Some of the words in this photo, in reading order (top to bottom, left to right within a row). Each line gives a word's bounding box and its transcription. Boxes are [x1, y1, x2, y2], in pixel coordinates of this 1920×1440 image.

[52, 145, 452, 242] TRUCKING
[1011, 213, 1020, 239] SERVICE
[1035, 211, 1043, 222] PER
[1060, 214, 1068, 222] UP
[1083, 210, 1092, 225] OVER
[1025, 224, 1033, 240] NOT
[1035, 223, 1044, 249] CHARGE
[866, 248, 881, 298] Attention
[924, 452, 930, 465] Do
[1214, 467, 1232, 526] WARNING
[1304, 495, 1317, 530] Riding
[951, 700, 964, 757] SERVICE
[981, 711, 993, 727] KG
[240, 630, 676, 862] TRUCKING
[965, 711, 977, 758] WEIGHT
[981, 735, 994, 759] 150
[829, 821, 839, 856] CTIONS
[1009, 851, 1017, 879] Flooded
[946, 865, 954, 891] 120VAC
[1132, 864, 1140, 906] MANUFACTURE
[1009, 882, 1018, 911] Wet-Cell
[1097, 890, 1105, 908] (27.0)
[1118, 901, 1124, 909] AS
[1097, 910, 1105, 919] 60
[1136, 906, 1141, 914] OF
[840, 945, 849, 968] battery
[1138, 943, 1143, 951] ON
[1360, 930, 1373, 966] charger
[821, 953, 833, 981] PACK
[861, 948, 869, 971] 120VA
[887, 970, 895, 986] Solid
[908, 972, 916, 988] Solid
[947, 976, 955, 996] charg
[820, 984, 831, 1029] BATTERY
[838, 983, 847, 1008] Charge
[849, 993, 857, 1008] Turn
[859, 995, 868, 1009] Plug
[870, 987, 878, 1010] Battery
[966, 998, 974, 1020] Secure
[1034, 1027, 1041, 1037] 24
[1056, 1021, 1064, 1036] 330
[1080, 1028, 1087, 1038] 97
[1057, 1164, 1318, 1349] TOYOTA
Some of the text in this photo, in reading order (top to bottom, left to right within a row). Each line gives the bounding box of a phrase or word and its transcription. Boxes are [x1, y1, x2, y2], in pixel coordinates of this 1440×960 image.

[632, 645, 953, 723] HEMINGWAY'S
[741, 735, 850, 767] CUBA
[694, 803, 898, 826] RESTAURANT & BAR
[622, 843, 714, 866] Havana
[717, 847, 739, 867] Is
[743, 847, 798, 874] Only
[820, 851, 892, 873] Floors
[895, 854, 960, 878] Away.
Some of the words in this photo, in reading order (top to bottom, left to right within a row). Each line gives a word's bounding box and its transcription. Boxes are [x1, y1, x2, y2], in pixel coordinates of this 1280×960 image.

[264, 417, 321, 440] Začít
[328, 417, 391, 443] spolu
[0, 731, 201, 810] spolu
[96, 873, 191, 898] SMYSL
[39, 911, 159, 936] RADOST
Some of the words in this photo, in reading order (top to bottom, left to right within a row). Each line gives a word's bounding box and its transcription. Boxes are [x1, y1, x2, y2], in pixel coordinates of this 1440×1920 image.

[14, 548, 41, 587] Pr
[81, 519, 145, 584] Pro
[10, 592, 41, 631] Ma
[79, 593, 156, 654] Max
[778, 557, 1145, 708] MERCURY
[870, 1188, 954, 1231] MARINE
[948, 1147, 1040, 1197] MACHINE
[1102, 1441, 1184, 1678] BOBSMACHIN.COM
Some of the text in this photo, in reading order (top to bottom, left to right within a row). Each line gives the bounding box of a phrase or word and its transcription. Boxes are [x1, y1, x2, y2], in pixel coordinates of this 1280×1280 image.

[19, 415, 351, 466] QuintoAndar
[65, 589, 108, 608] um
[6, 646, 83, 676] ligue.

++++++++++

--- REQUIREMENT ---
Line by line, transcribe the material exactly.

--- PROBLEM SOLUTION ---
Some of the words in this photo, in reading order (top to bottom, left to right within a row). Each line gives a word's bounding box and its transcription. Boxes are [x1, y1, x2, y2], in pixel coordinates of this 1920×1440 image.

[52, 145, 452, 242] TRUCKING
[1011, 213, 1020, 239] SERVICE
[1035, 211, 1043, 222] PER
[1060, 214, 1068, 222] UP
[1083, 210, 1092, 225] OVER
[1025, 224, 1033, 240] NOT
[1035, 223, 1044, 249] CHARGE
[866, 248, 881, 298] Attention
[924, 452, 930, 465] Do
[1214, 467, 1232, 526] WARNING
[1304, 495, 1317, 530] Riding
[951, 700, 964, 757] SERVICE
[981, 711, 993, 727] KG
[240, 630, 676, 862] TRUCKING
[965, 711, 977, 758] WEIGHT
[981, 735, 994, 759] 150
[829, 821, 839, 856] CTIONS
[1009, 851, 1017, 879] Flooded
[946, 865, 954, 891] 120VAC
[1132, 864, 1140, 906] MANUFACTURE
[1009, 882, 1018, 911] Wet-Cell
[1097, 890, 1105, 908] (27.0)
[1118, 901, 1124, 909] AS
[1097, 910, 1105, 919] 60
[1136, 906, 1141, 914] OF
[840, 945, 849, 968] battery
[1138, 943, 1143, 951] ON
[1360, 930, 1373, 966] charger
[821, 953, 833, 981] PACK
[861, 948, 869, 971] 120VA
[887, 970, 895, 986] Solid
[908, 972, 916, 988] Solid
[947, 976, 955, 996] charg
[820, 984, 831, 1029] BATTERY
[838, 983, 847, 1008] Charge
[849, 993, 857, 1008] Turn
[859, 995, 868, 1009] Plug
[870, 987, 878, 1010] Battery
[966, 998, 974, 1020] Secure
[1034, 1027, 1041, 1037] 24
[1056, 1021, 1064, 1036] 330
[1080, 1028, 1087, 1038] 97
[1057, 1164, 1318, 1349] TOYOTA
Some of the text in this photo, in reading order (top to bottom, left to right within a row). Each line gives the bounding box of a phrase or word and its transcription. Boxes are [x1, y1, x2, y2], in pixel coordinates of this 1440×960 image.

[632, 645, 953, 723] HEMINGWAY'S
[741, 735, 850, 767] CUBA
[694, 803, 898, 826] RESTAURANT & BAR
[622, 843, 714, 866] Havana
[717, 847, 739, 867] Is
[743, 847, 798, 874] Only
[820, 851, 892, 873] Floors
[895, 854, 960, 878] Away.
Some of the words in this photo, in reading order (top to bottom, left to right within a row). Each line gives a word's bounding box and its transcription. Boxes are [x1, y1, x2, y2], in pixel coordinates of this 1280×960 image.

[264, 417, 321, 440] Začít
[328, 417, 391, 443] spolu
[0, 731, 201, 810] spolu
[96, 873, 191, 898] SMYSL
[39, 911, 159, 936] RADOST
Some of the words in this photo, in reading order (top to bottom, left to right within a row). Each line gives a word's bounding box and its transcription. Boxes are [x1, y1, x2, y2], in pixel coordinates of this 1440×1920 image.

[14, 548, 41, 587] Pr
[81, 519, 145, 584] Pro
[10, 592, 41, 631] Ma
[79, 593, 156, 654] Max
[778, 557, 1145, 708] MERCURY
[870, 1188, 954, 1231] MARINE
[948, 1147, 1040, 1197] MACHINE
[1102, 1441, 1184, 1678] BOBSMACHIN.COM
Some of the text in this photo, in reading order (top to bottom, left to right within a row). Each line gives the bounding box of a phrase or word and its transcription. Boxes are [x1, y1, x2, y2], in pixel coordinates of this 1280×1280 image.

[19, 415, 351, 466] QuintoAndar
[65, 589, 108, 608] um
[6, 646, 83, 676] ligue.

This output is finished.